“Rembrandt in una storia meravigliosa” Questo è il titolo della mostra che inaugura la riapertura dell’Accademia Carrara di Bergamo dopo l’interruzione forzata dovuta alla pandemia. Il titolo, di suo già così carico di aspettative, mi ha incuriosito e con questo stato d’animo mi sono decisa, in una soleggiata domenica di Agosto, a visitare la mostra. Il pretesto per l’esposizione è dovuta al prestito dell’Autoritratto giovanile di Rembrandt, proveniente dal Rijksmuseum di Amsterdam, ed è anche l‘occasione per rileggere, sotto una chiave diversa, le opere contenute in questo prezioso museo cittadino.
Il primo approccio che si ha con la sede è amichevole, vi sono dei tavoli con delle sedie ad accogliermi nel cortile d’ingresso dell’Accademia Carrara, quasi ad invitarmi ad un attimo di riflessione prima di entrare a contemplare le bellezze che mi aspettano all’interno.
Da sempre l’Accademia Carrara, o più affettuosamente La Carrara come viene definita degli stessi bergamaschi, non è solo la pinacoteca più importante della città, luogo dove poter ammirare capolavori senza tempo, ma è essa stessa il simbolo della collettività e dell’identità Bergamasca.
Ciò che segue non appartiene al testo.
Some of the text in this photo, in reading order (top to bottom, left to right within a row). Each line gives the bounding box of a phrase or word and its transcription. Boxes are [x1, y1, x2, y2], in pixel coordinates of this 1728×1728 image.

Lo è già dalla sua stessa origine: è una delle poche gallerie o pinacoteche che per stessa volontà del proprietario, il conte Giacomo Carrara, è stata donata alla fine del Diciottesimo secolo alla collettività per essere fruita da tutti.
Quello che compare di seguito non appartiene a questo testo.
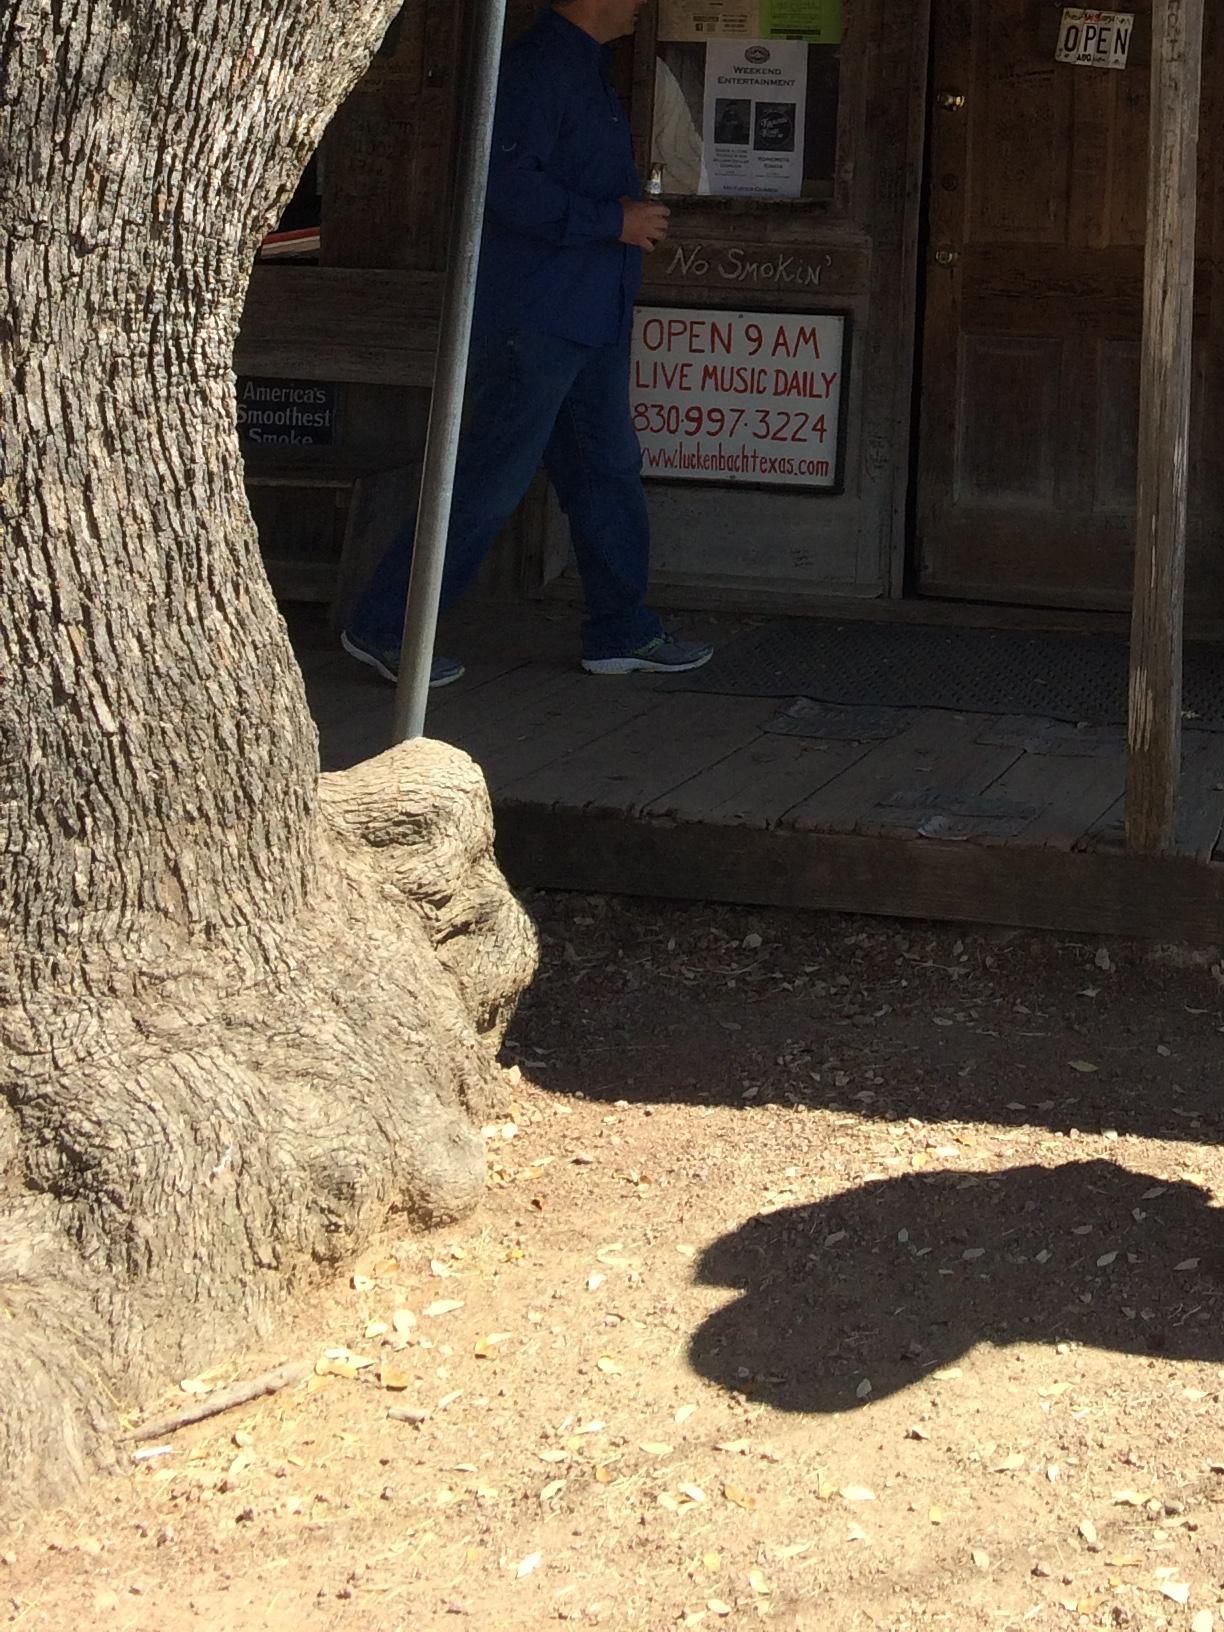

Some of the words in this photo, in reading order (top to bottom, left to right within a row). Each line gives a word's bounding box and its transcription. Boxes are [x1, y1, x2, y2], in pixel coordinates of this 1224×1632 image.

[1063, 24, 1129, 56] OPEN
[716, 75, 797, 87] ENTERTAINMENT
[732, 65, 783, 76] WEEKEND
[642, 318, 733, 355] OPEN
[770, 325, 821, 360] AM
[633, 359, 694, 391] LIVE
[700, 363, 768, 394] MUSIC
[772, 368, 838, 399] DAILY
[243, 380, 327, 404] America's
[237, 403, 331, 427] Smoothest
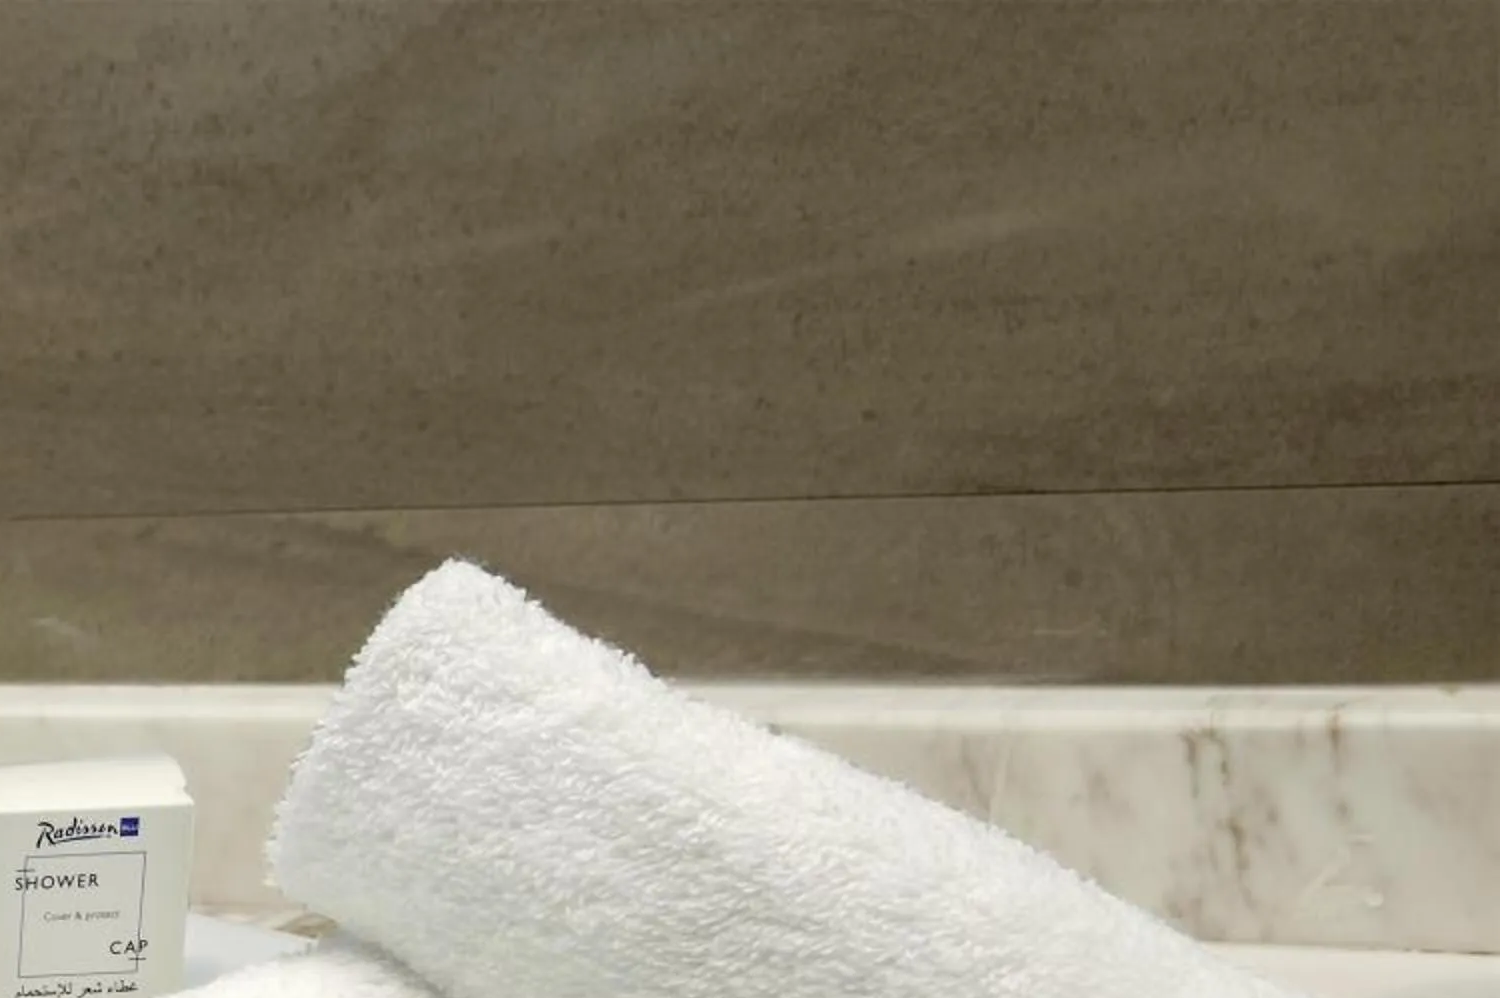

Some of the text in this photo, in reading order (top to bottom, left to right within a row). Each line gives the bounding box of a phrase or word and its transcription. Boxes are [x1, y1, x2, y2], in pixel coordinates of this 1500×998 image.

[36, 817, 119, 849] Radisson
[14, 873, 100, 891] SHOWER
[109, 939, 149, 955] CAP
Premesso questo, come far combaciare l’evento del prestito della tela giovanile del maggior pittore olandese con la storia di questa Pinacoteca? Questa è la curiosità che mi ha spinto ad indagare sul motivo del titolo dell’esposizione.
Il quadro, che dà origine alla mostra, è una piccola tela raffigurante un autoritratto giovanile di Rembrandt. Il percorso dell’esposizione inizia con una breve ma incisiva proiezione delle opere del maestro in cui l’autore si racconta intimamente agli ospiti della mostra. Si passa, seguendo il percorso della collezione della pinacoteca, alla saletta, ricavata ad hoc, che ospita l’autoritratto.
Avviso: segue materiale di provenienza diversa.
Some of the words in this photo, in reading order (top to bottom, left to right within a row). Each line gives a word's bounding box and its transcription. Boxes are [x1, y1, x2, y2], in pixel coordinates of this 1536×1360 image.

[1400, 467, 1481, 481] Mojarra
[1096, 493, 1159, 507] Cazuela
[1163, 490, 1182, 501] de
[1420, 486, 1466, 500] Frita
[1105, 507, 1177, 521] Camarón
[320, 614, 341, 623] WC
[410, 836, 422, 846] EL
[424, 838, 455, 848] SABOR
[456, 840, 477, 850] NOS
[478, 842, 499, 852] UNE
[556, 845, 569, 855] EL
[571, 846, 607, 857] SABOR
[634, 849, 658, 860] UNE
Qui emerge, nel sapiente gioco di luci ed ombre, la tela di ridotte dimensioni ma così carica di fascino e suggestione. Rembrandt è un artista che ha sempre amato il genere dell’autoritratto. Nessun altro artista ci ha lasciato un numero tanto vasto di immagini di se stesso. Dalla sua giovinezza in cui il volto è caratterizzato da quella fierezza e audacia tipica dei ventenni a quelli eseguiti negli ultimi anni della sua vita, quando oramai stanco e con il volto segnato dalle delusioni e dagli insuccessi degli ultimi anni della sua carriera, ha avuto il coraggio di ritrarre senza nascondere, la sua vera natura di “essere umano” così imperfetto, con le sue fragilità e debolezze ma proprio per questo unico nel suo essere.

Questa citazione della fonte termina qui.